**Description of the task:**
Lines before the one containing "this 1824×1368 image." are left out; output the rest of the data exactly, through the final line.

**Records from a data source:**
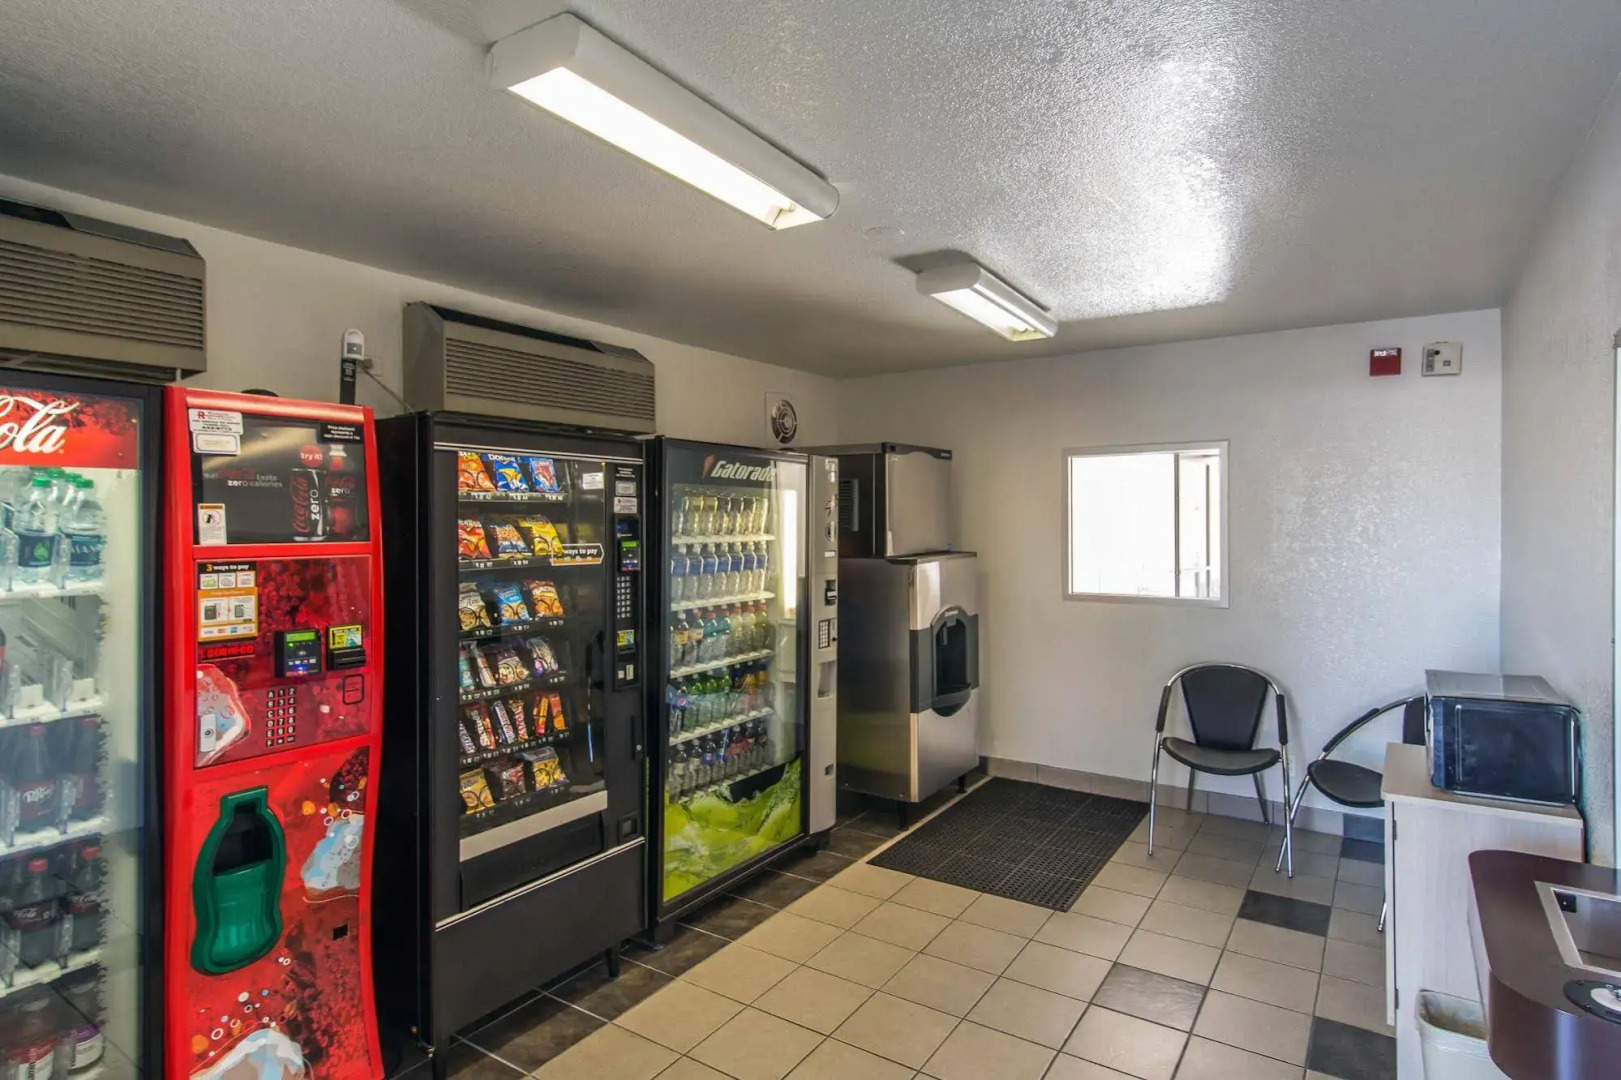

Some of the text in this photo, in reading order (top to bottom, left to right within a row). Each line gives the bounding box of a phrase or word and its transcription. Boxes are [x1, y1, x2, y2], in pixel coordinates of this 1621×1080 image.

[301, 453, 313, 461] try
[310, 489, 320, 521] zero
[587, 548, 598, 556] pay
[206, 564, 213, 572] 3
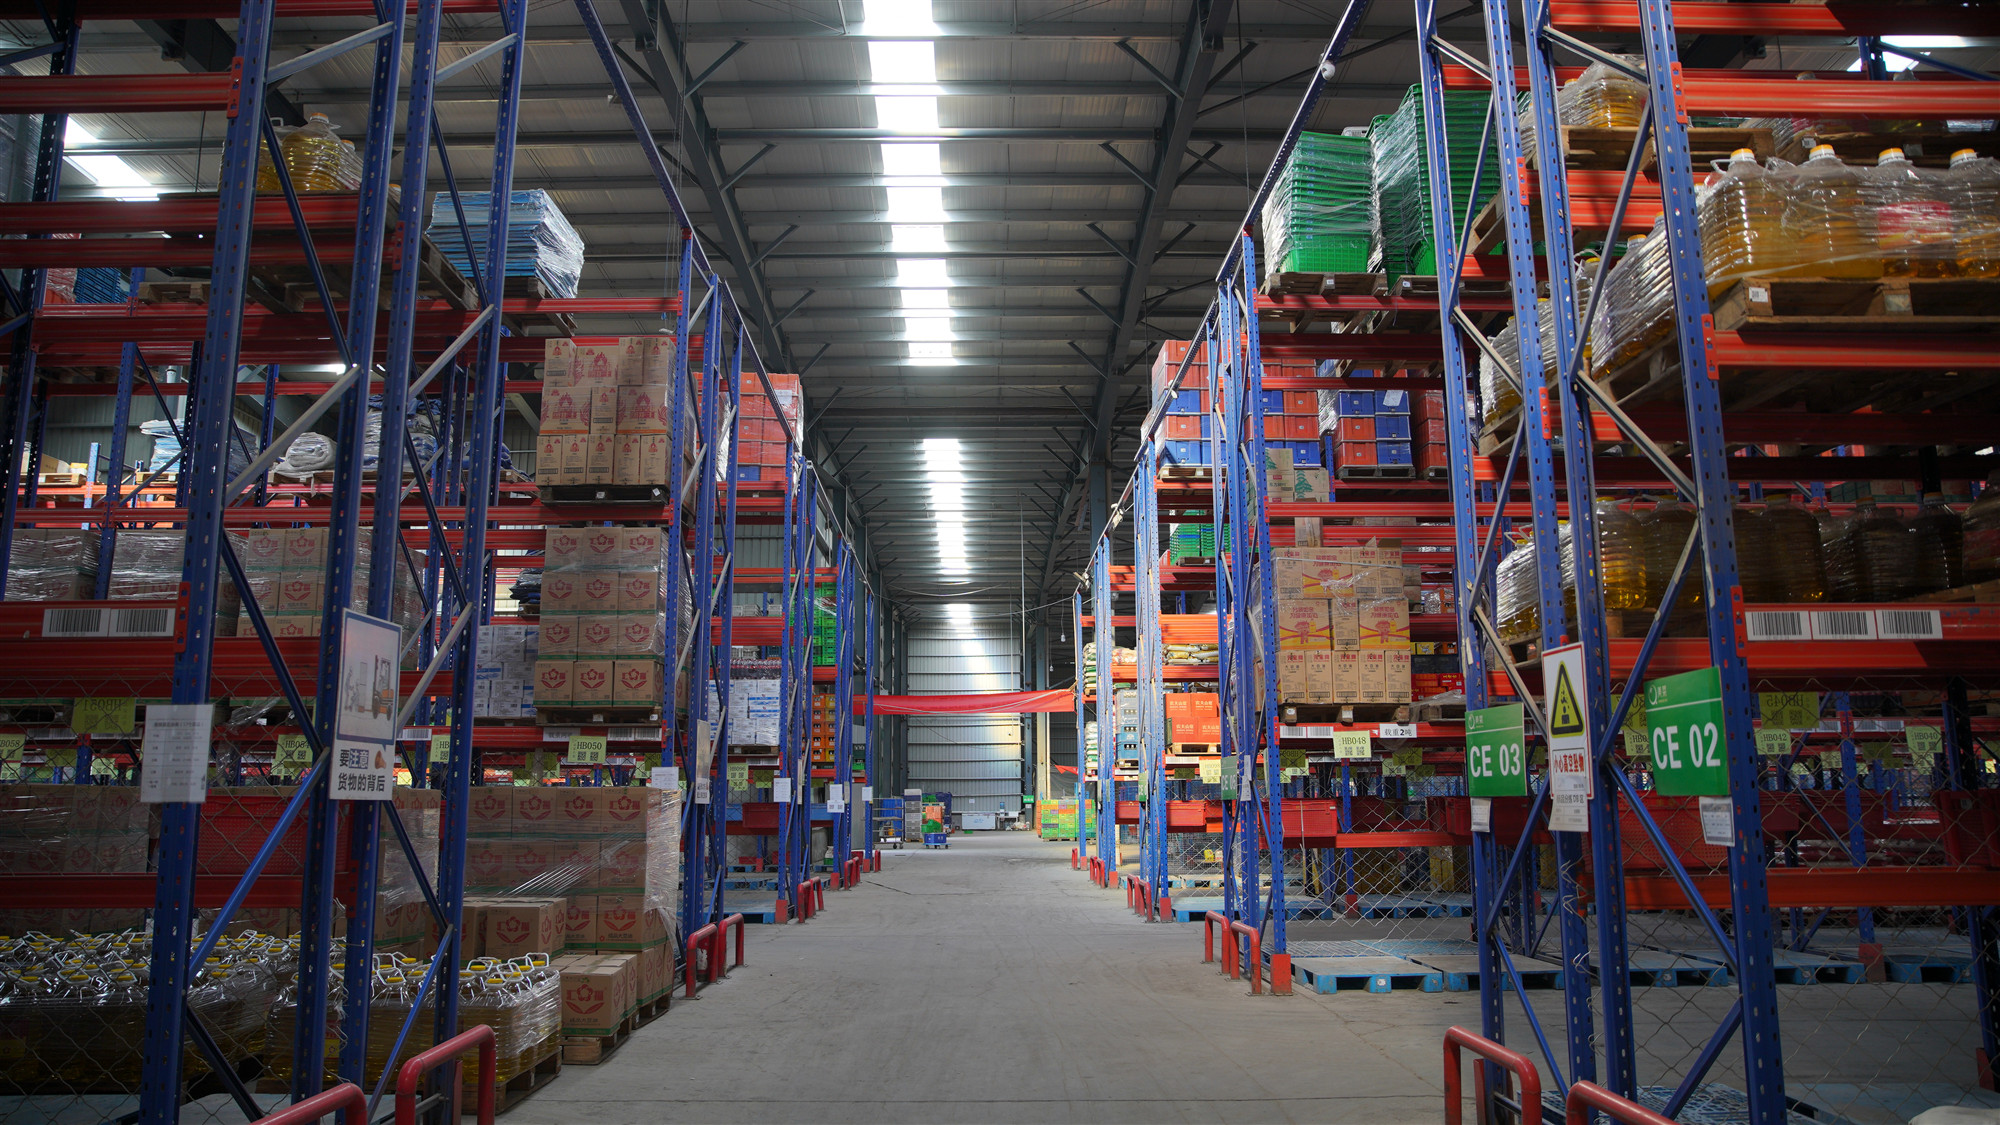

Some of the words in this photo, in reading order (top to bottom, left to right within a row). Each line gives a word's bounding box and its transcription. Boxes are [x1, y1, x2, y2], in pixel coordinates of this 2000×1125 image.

[1653, 726, 1682, 770] CE
[1689, 722, 1720, 768] 02
[1763, 734, 1787, 742] HB042
[1914, 732, 1938, 740] HB040
[340, 749, 368, 769] 要注意
[1470, 745, 1492, 777] CE
[1500, 743, 1521, 776] 03
[1553, 753, 1584, 773] 小心高空坠物
[338, 772, 385, 792] 货物的背后
[1221, 775, 1228, 790] CE
[566, 988, 604, 1000] 汇福
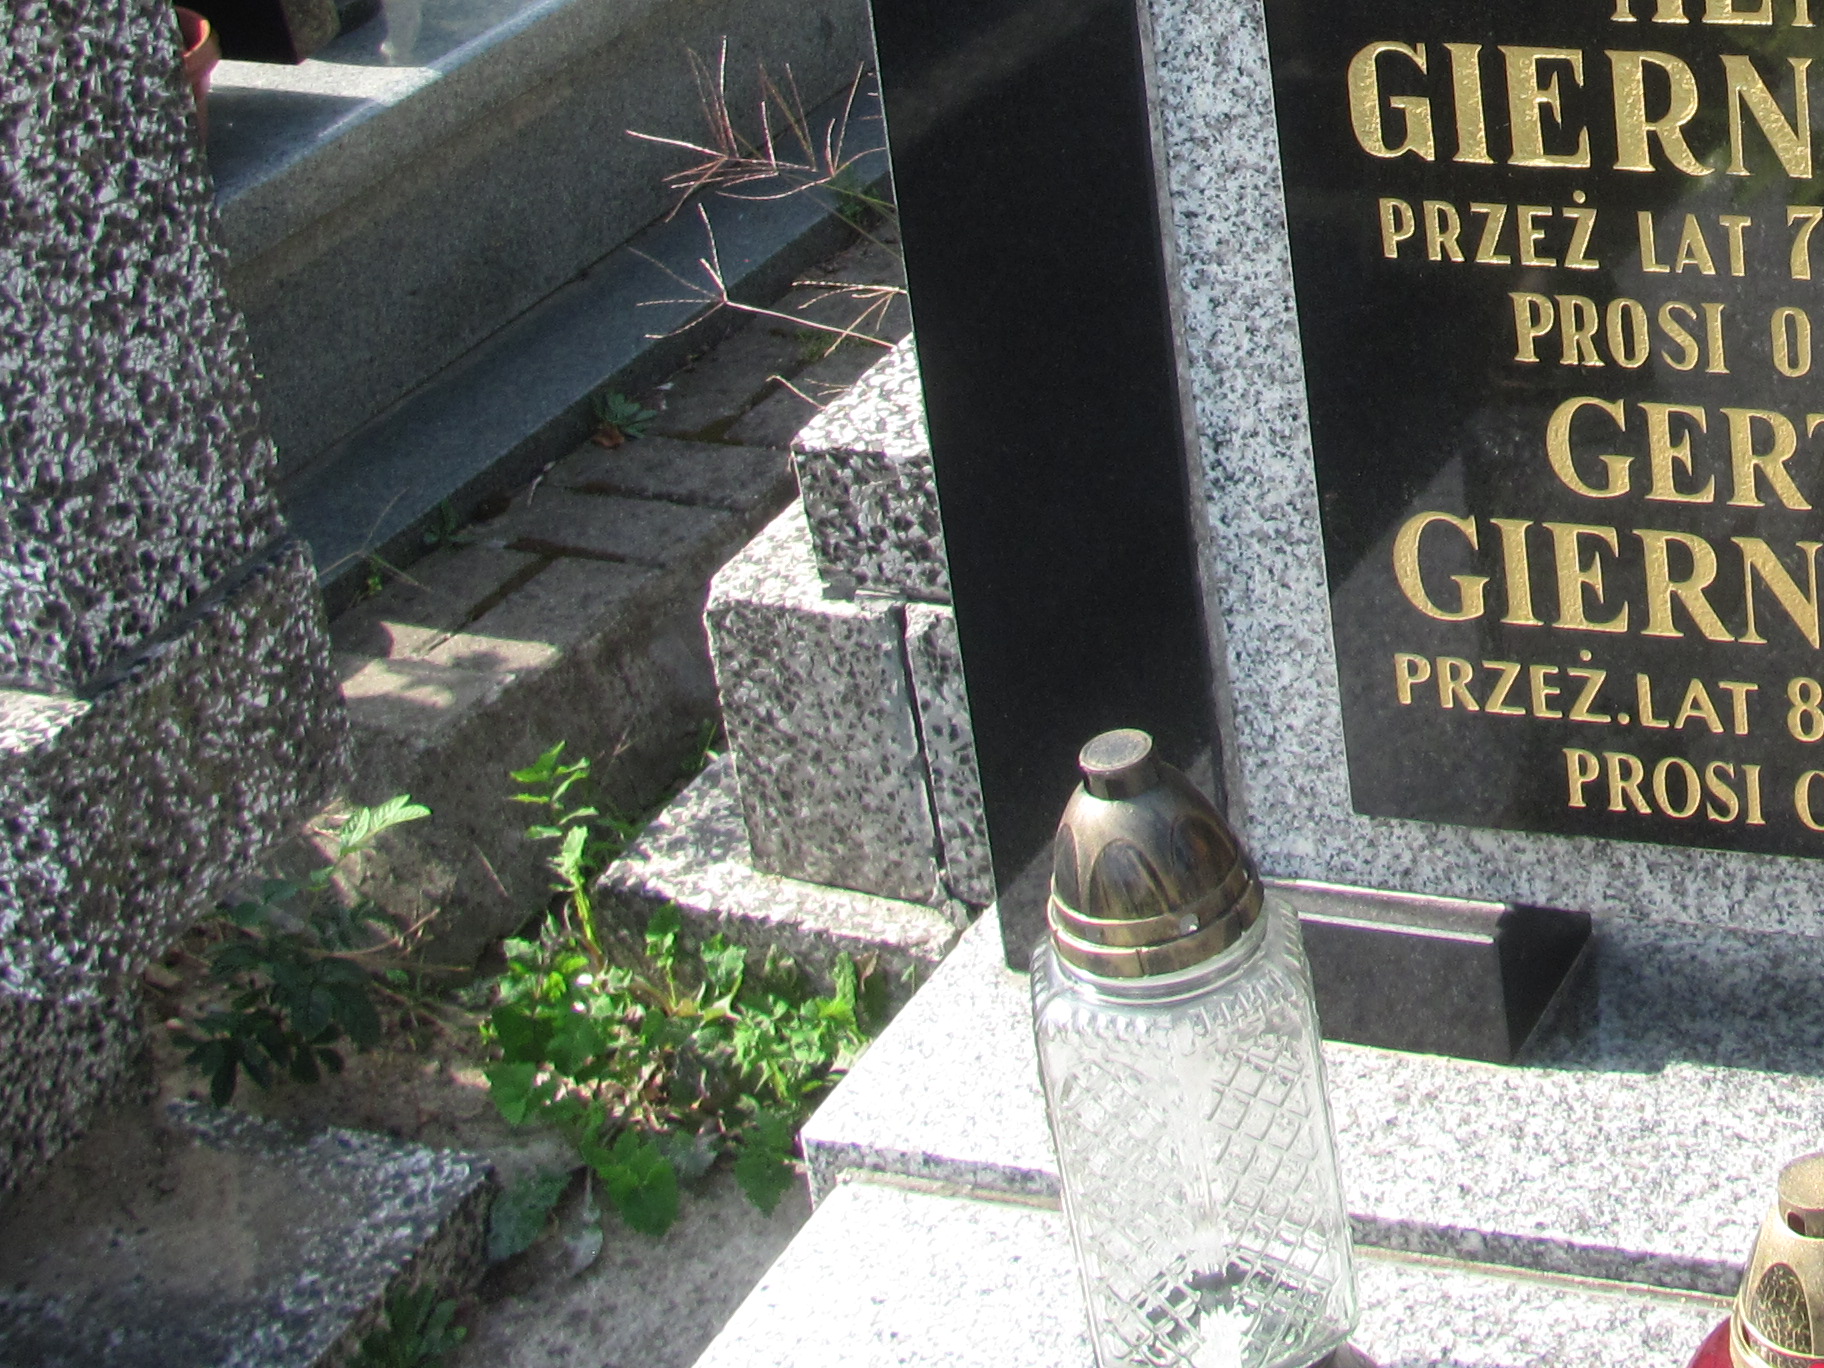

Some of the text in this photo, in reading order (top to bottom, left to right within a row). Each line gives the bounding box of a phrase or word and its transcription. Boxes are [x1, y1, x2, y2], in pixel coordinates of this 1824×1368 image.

[1378, 189, 1600, 271] PRZEŻ
[1636, 210, 1752, 279] LAT
[1508, 290, 1732, 375] PROSI
[1769, 305, 1813, 380] O
[1561, 747, 1768, 826] PROSI

**Result:**
Some of the text in this photo, in reading order (top to bottom, left to right within a row). Each line gives the bounding box of a phrase or word and its transcription. Boxes are [x1, y1, x2, y2], in pixel coordinates of this 1824×1368 image.

[1378, 189, 1600, 271] PRZEŻ
[1636, 210, 1752, 279] LAT
[1508, 290, 1732, 375] PROSI
[1769, 305, 1813, 380] O
[1561, 747, 1768, 826] PROSI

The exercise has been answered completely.